Daddy Again?

On February 13, when I announced, "I'm a daddy again!" many of my friends, family, and co-workers asked how "again" was possible.  "You just have a step-daughter, not your own, right?"  I find this an odd reaction, because it's not as though my step-daughter spends six months of the year with her biological father.  Were she my adopted daughter, I doubt anyone would express the same qualifications: "She's just your adopted daughter, right?  Not yours?"  I don't fault anyone for feeling this way, really.  It's more of a testament to me and my feelings of attachment than anyone else's.


However, this gets to something that I've felt for nearly 5 years now: Kayla is my daughter as much as if she had been born a part of me.  There's a great picture of her receiving a necklace from her mother and me at our wedding ceremony, a necklace symbolizing my promise to care for her as though she were my own. It's a gesture I took seriously before I gave it to her, and it's something I've been worrying about since my wife became pregnant.  Being the oldest of five, I got used to the idea of not being the only kid in the room, and I worried about how Kayla would adjust.

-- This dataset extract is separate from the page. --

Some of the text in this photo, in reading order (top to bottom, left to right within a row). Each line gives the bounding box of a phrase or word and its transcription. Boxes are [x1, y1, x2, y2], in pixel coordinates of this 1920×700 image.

I've long relished the moments I've shared with my daughter.  (I long ago dropped the "step" from her title.)  I like getting to come home to her, attending the teacher's conferences, helping her with homework, and especially answering questions about the world.  I'd prefer questions about politicians and science to boys and biology, but it's my job as a dad to help her understand and navigate our complex world.  Sometimes, I get a hug out of it, and that's pretty rewarding all its own. 

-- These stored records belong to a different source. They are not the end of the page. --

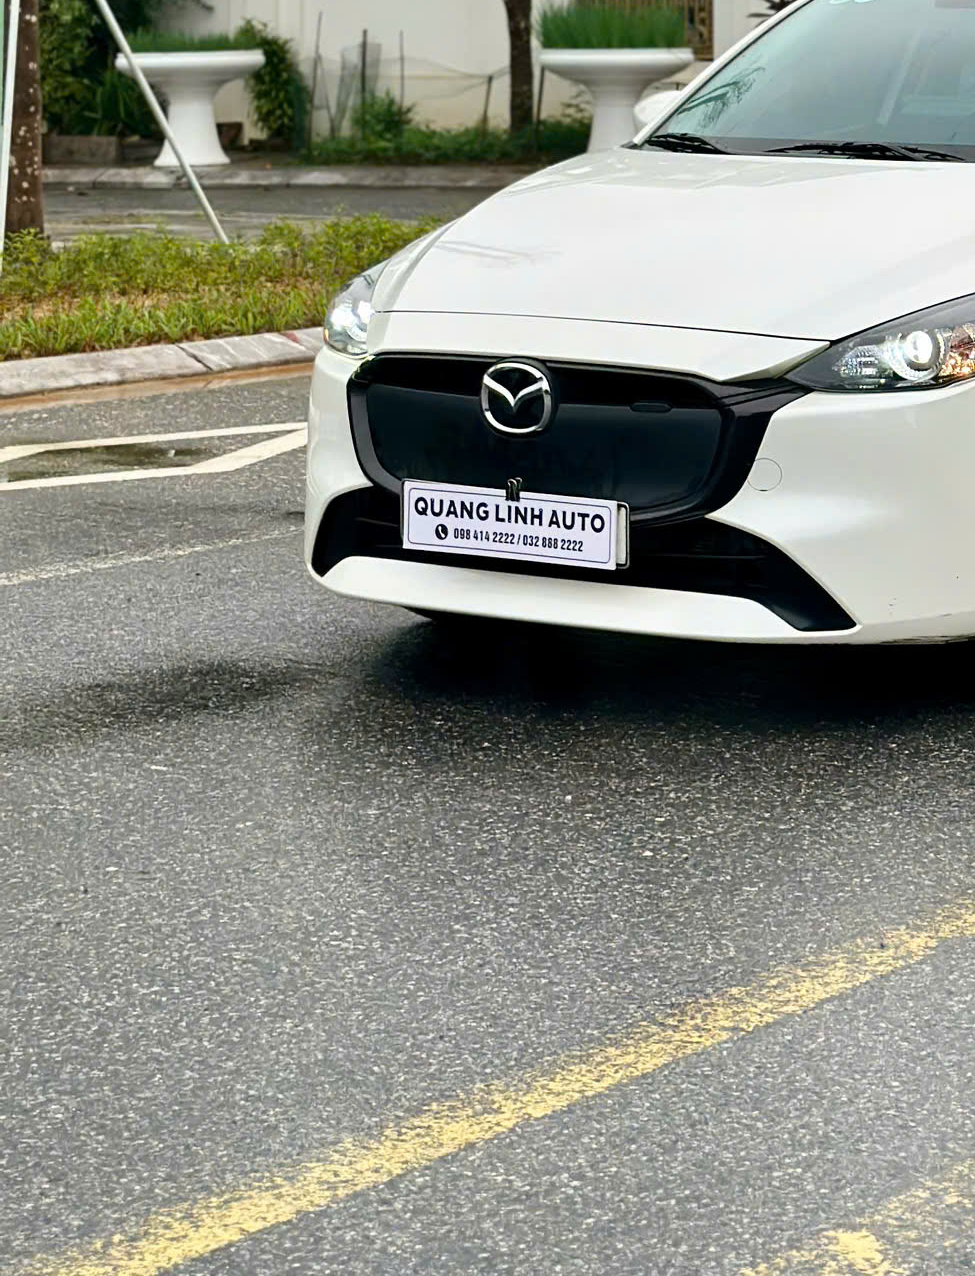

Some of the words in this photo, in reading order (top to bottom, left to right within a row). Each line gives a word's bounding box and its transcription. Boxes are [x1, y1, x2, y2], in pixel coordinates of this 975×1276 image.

[415, 496, 489, 521] QUANG
[495, 504, 543, 527] LINH
[548, 509, 605, 533] AUTO
[453, 527, 471, 540] 098
[473, 529, 490, 542] 414
[492, 531, 515, 545] 2222
[522, 534, 540, 547] 032
[560, 538, 584, 552] 2222

I won't lie; the initial adjustment wasn't easy.  I did my best to get up in the middle of the night for bad dreams, doctor fevers, and be a general good sport.  It was sometimes hard to stomach the warranted comparisons: "My dad is taller than you", "My dad doesn't get migraines like you", "My dad is stronger than you."  While all of these things are true, it's hard to explain to a 7-year-old that in the wild, the new male devours the young to prevent degrading, comparative banter like that.  I know, many of my friends are angry bears and large cats.

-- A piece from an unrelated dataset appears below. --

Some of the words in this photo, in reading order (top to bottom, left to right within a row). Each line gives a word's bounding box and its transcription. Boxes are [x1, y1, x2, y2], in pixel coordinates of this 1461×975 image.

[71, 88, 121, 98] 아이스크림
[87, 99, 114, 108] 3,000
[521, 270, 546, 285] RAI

Kayla and I, we got past that though.  She taught me that "You're weird" often translates into "You're cool."  I learned that somewhere along the way, I became flawed in outward emotional expression like my grandfather, so now I try to be more careful about the praise I deliver.  It's odd that I can passively say "That's cool" and really mean that I'm deeply impressed and will tell others about this for weeks.  When did that part of me break?  I don't know, but I try to make sure that she knows — as my grandfather often tried to get me to recognize — that she impresses me daily and I enjoy her.
 
Much to Kayla's amusement, Adelynn releases a huge fart on my lap.
Having a new daughter isn't going to change that.  True, Kayla doesn't have any of my DNA, but she borrows my drawing books, eats my favorite foods, and watches Japanese cartoons with me.  Just as when I wasn't sure how to explain to her why she wasn't getting my last name like her mother would at our wedding ceremony, I wasn't sure how to prepare her for this new journey either.  Unlike her new sister, Adelynn, I never had the pleasure of feeling Kayla fill her diaper while I held her, but I've enjoyed being there for the rest. I certainly look forward to being there for much more ... for both of my daughters, Kayla and Adelynn.  I love them very much.

Daddy's Girls
Kayla helped us celebrate Easter a few years ago.
Adelynn doesn't seem interested in NBC Nightly News.